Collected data
/---

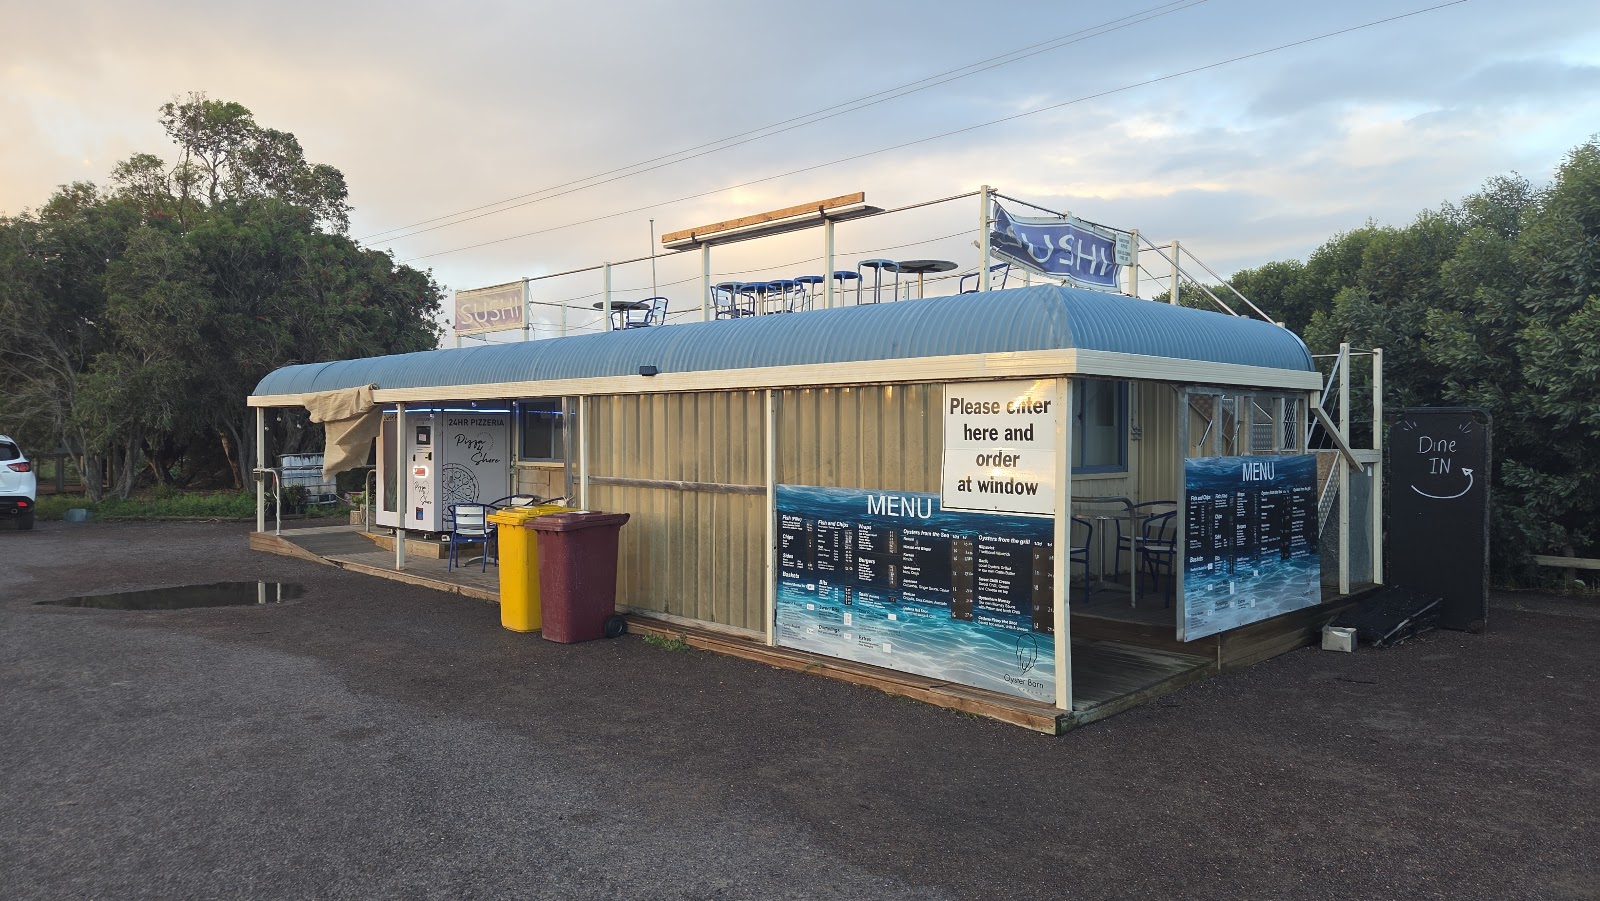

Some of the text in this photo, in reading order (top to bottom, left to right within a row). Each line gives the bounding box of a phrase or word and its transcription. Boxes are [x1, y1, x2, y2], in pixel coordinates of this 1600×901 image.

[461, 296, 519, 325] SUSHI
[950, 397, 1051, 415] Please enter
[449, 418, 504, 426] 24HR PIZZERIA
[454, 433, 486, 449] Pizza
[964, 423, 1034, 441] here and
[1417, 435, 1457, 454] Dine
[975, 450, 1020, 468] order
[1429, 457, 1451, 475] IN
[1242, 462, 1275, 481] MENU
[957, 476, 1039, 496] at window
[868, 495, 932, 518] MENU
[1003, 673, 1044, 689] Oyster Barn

\---

**Exercise details:** Copy all of the data word for word, and keep the pictures out of it.

**Answer section:**
Some of the text in this photo, in reading order (top to bottom, left to right within a row). Each line gives the bounding box of a phrase or word and its transcription. Boxes are [x1, y1, x2, y2], in pixel coordinates of this 1600×901 image.

[461, 296, 519, 325] SUSHI
[950, 397, 1051, 415] Please enter
[449, 418, 504, 426] 24HR PIZZERIA
[454, 433, 486, 449] Pizza
[964, 423, 1034, 441] here and
[1417, 435, 1457, 454] Dine
[975, 450, 1020, 468] order
[1429, 457, 1451, 475] IN
[1242, 462, 1275, 481] MENU
[957, 476, 1039, 496] at window
[868, 495, 932, 518] MENU
[1003, 673, 1044, 689] Oyster Barn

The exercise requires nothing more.